Digital support provided by family and friends does not automatically lead to successful learning experiences or the independent use of technology by older people. Assistance should support the learning of new things.

The DigiIN project’s interview study examined the key characteristics of digital support provided by family and friends and examined how these affect how well older people acquire digital skills and the independent use of technology.

“Informal digital support provided by warm experts, i.e. family and friends, plays an important role in the personal learning experiences of older people and their ability to use digital services and devices independently,” says Viivi Korpela, doctoral researcher at the University of Jyväskylä.

According to the study, the empathy and social support provided by loved ones can promote the learning of digital skills and the welfare of older people. The study also described the digital support provided by family and friends as safe and reliable.
However, informal digital support has its limits, and not everyone has close friends who they can ask for help.

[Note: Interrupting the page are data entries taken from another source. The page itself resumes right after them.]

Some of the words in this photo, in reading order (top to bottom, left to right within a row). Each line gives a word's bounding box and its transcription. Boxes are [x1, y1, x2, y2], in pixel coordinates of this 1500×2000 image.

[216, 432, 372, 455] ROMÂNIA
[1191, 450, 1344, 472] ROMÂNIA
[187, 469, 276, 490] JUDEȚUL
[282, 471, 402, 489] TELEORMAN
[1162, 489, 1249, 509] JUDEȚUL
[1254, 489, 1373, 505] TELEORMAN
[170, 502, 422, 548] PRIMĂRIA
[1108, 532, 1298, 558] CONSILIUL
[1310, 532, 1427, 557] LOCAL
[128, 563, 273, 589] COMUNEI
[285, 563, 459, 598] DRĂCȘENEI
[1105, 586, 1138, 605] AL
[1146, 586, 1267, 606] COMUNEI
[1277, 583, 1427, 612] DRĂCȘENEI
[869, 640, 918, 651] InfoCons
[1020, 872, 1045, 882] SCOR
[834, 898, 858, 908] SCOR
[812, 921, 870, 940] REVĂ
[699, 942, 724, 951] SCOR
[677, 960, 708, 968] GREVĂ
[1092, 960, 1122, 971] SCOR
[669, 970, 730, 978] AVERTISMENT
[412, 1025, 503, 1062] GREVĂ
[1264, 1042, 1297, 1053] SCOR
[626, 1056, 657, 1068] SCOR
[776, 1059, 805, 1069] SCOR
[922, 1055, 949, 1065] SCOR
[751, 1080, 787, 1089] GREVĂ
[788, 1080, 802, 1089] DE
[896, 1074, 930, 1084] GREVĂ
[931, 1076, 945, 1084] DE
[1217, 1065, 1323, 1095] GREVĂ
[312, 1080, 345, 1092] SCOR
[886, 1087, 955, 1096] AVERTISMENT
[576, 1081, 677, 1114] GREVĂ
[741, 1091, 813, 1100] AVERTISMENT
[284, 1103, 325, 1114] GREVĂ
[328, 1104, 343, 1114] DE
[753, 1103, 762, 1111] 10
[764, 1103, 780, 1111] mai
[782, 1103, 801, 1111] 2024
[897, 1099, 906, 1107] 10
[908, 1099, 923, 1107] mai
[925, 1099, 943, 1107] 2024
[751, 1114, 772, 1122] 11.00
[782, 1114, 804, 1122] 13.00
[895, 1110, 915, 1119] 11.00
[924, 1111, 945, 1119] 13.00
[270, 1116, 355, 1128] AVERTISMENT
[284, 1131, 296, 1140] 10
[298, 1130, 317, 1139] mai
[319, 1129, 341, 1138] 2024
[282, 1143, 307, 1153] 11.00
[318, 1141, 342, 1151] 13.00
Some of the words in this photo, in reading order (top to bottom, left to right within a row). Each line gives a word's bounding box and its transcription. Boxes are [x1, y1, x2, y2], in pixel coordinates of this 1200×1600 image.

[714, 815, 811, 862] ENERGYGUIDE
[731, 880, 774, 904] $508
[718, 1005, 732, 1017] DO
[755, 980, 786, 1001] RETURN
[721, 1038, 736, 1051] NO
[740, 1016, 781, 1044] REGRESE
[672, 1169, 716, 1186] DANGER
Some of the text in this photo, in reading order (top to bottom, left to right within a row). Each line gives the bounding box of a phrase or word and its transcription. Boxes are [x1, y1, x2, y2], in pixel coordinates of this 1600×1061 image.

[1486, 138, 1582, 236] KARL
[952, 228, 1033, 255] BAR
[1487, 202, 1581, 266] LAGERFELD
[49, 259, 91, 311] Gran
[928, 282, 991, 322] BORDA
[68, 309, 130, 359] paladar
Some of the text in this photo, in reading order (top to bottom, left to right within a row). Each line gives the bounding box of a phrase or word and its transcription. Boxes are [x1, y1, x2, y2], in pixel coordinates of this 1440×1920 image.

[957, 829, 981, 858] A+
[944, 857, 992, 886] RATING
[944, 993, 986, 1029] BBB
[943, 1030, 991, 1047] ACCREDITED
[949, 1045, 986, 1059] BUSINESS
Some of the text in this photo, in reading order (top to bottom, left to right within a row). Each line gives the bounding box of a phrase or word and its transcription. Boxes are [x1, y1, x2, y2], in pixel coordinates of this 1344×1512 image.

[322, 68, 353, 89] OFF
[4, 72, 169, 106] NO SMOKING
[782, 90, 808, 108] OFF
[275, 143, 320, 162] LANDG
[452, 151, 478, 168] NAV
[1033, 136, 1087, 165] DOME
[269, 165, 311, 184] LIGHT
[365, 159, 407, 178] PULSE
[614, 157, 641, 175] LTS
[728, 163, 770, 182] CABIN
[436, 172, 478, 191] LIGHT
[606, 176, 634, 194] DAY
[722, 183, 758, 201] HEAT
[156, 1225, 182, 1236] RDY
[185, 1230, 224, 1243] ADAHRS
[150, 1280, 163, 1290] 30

Over-helping may prevent learning

“The study also observed characteristics of informal digital support that can prevent digital inclusion. For example, over-helping was often considered frustrating,” Korpela says. Over-helping refers to such things as situations where downloading and updating applications were taken care of as quickly as possible.

Based on the study, over-helping may lead to problems being solved entirely on behalf of older people. Even if older people themselves wanted to learn and practise new digital tasks, they were not given a real opportunity to do so.

Digital support must be developed in many ways

As society becomes increasingly digitalised and services move online, it is important to develop a more comprehensive and efficient digital support policy while improving the accessibility of existing low-cost digital support projects. It is also important to recognise the role of unofficial and informal learning networks, as we are all needed in the process of finding a solution the digital support shortage.

More information

Korpela, V., Pajula, L., & Hänninen, R. (2024). Investigating the multifaceted role of warm experts in enhancing and hindering older adults’ digital skills in Finland. International Journal of Lifelong Education, 1–14.